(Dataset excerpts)

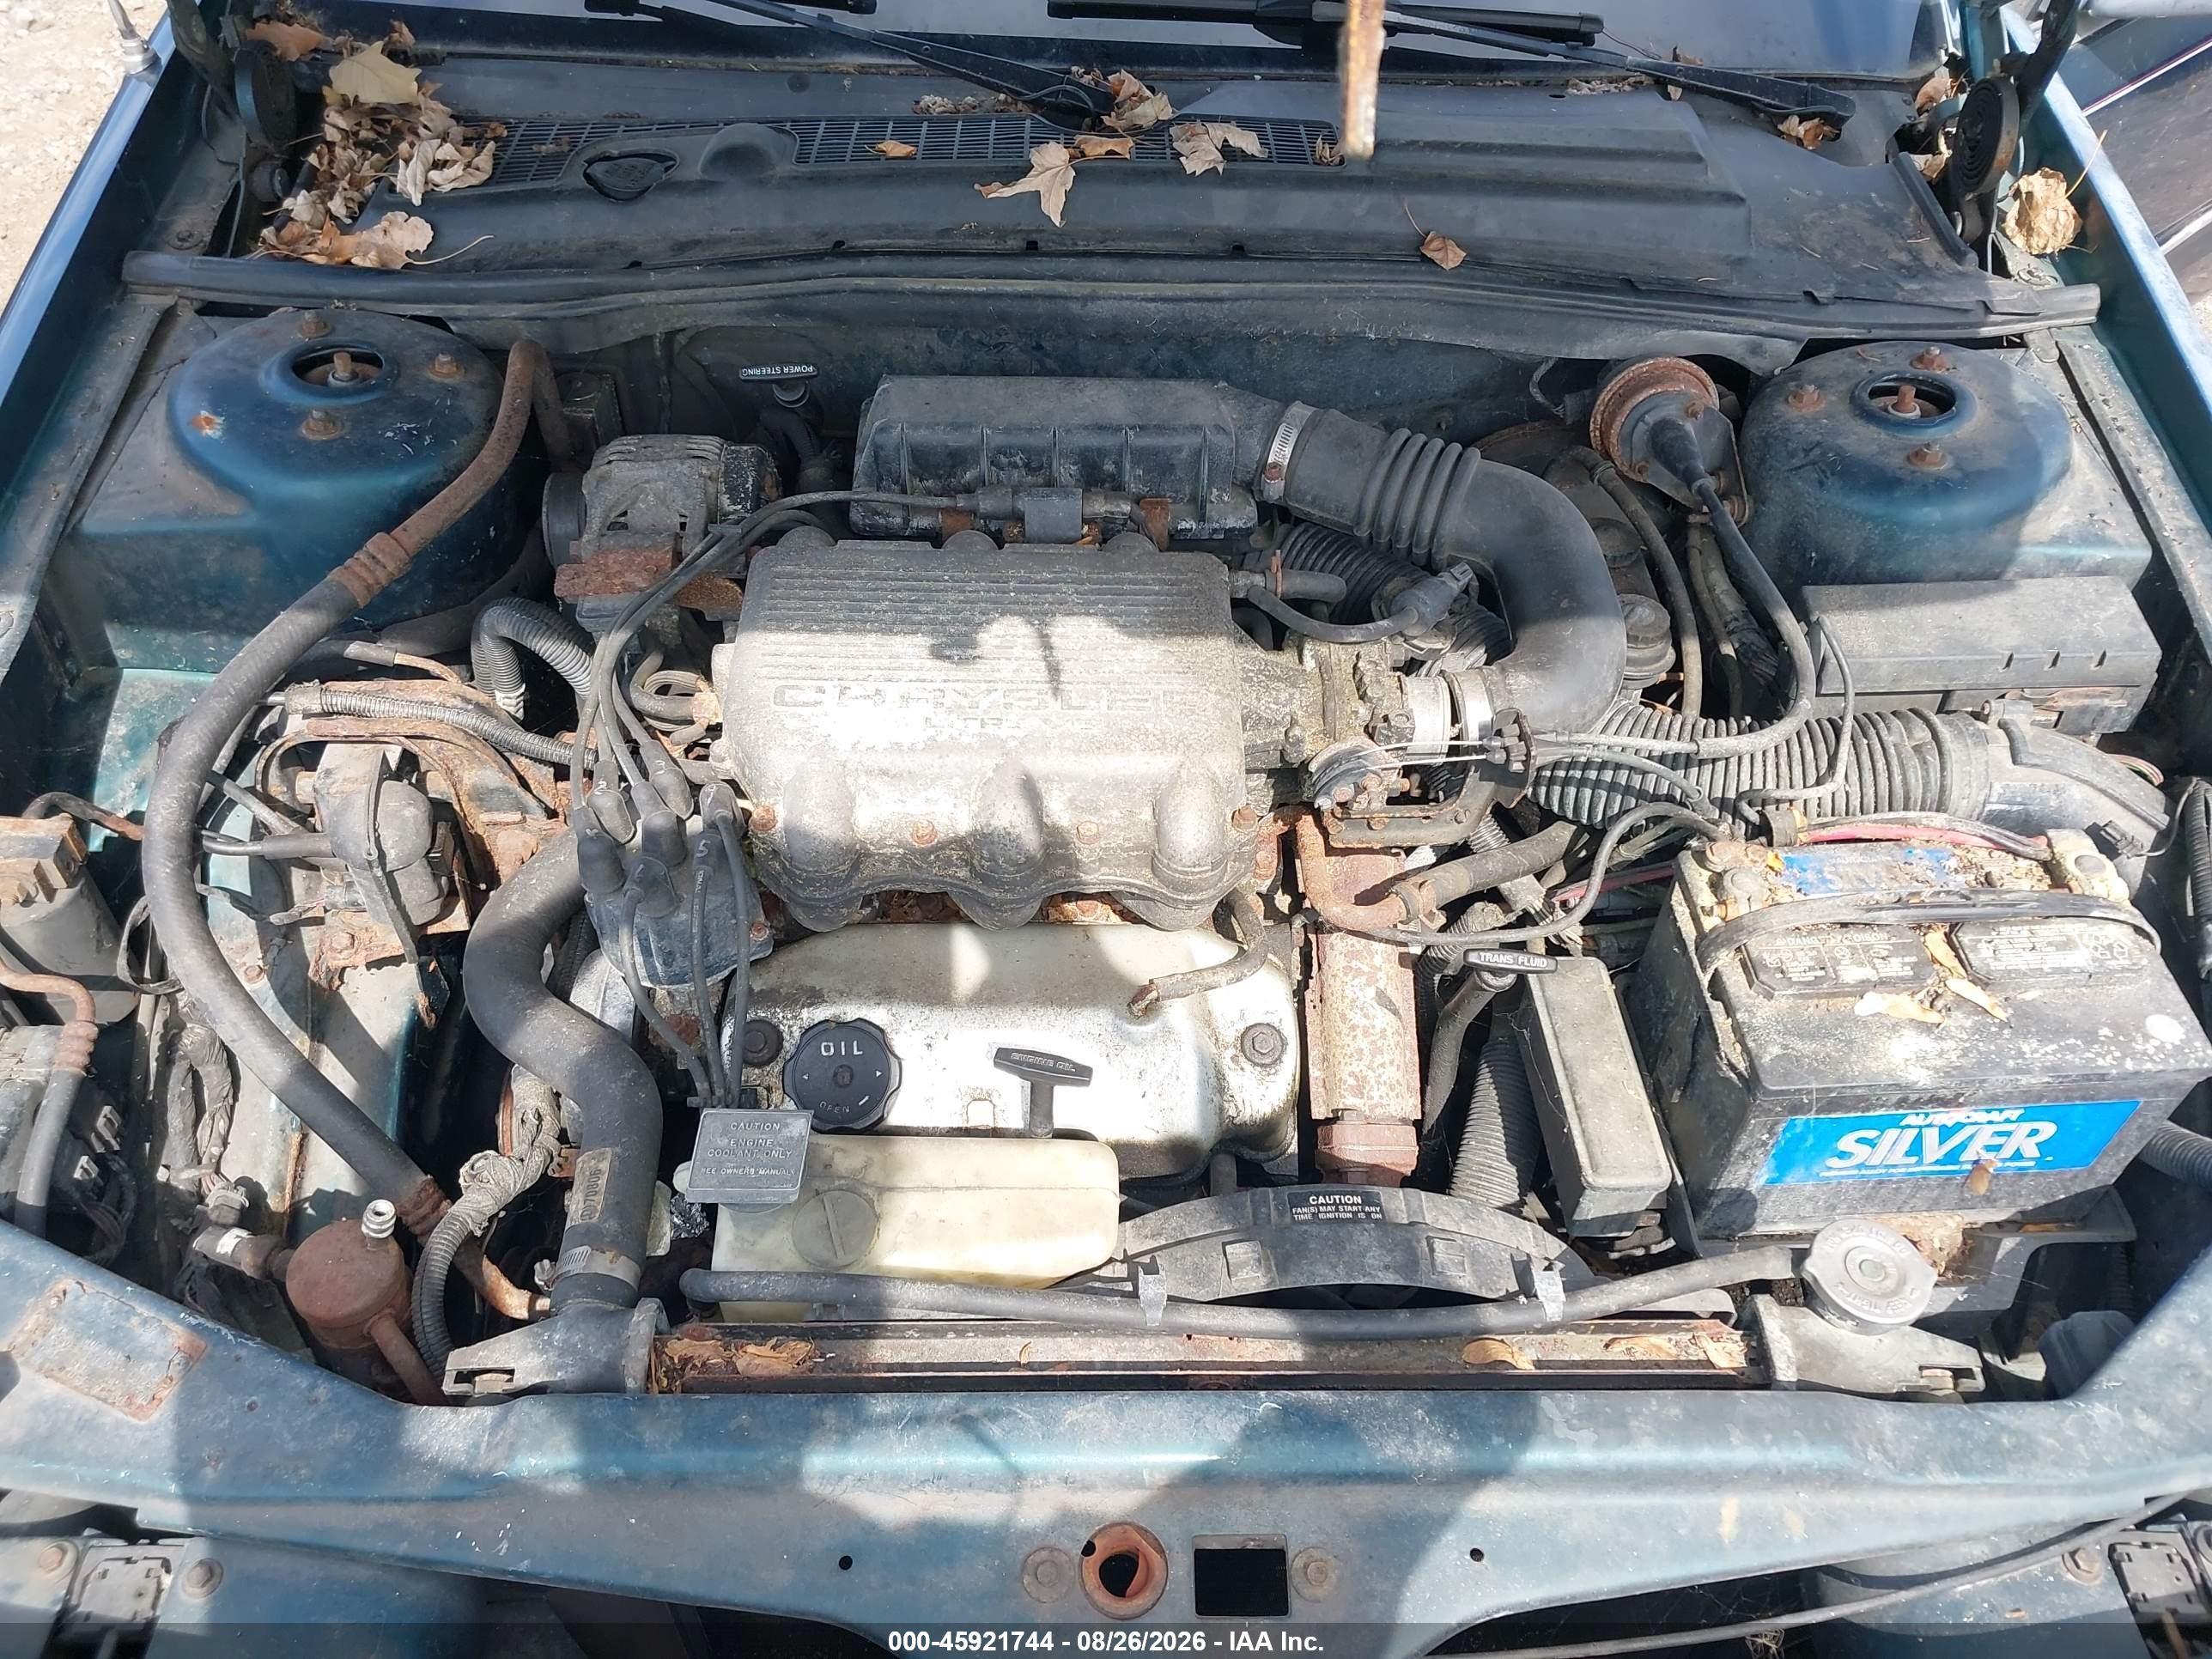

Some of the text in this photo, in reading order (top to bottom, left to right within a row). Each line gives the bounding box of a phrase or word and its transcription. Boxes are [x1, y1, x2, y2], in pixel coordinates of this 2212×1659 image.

[742, 365, 813, 376] POWER STEERING
[696, 839, 710, 858] 5
[1479, 951, 1547, 968] TRANS FLUID
[820, 1039, 864, 1056] OIL
[1011, 1052, 1076, 1073] ENGINE OIL
[730, 1121, 781, 1131] CAUTION
[729, 1139, 775, 1147] ENGINE
[1824, 1121, 2057, 1170] SILVER
[707, 1149, 793, 1158] COOLANT ONLY
[1309, 1194, 1362, 1204] CAUTION
[1292, 1206, 1318, 1214] FAN(S)

What is required: Omitting the pictures, copy each record above exactly as it stands.

Exercise answer:
Some of the text in this photo, in reading order (top to bottom, left to right within a row). Each line gives the bounding box of a phrase or word and its transcription. Boxes are [x1, y1, x2, y2], in pixel coordinates of this 2212×1659 image.

[742, 365, 813, 376] POWER STEERING
[696, 839, 710, 858] 5
[1479, 951, 1547, 968] TRANS FLUID
[820, 1039, 864, 1056] OIL
[1011, 1052, 1076, 1073] ENGINE OIL
[730, 1121, 781, 1131] CAUTION
[729, 1139, 775, 1147] ENGINE
[1824, 1121, 2057, 1170] SILVER
[707, 1149, 793, 1158] COOLANT ONLY
[1309, 1194, 1362, 1204] CAUTION
[1292, 1206, 1318, 1214] FAN(S)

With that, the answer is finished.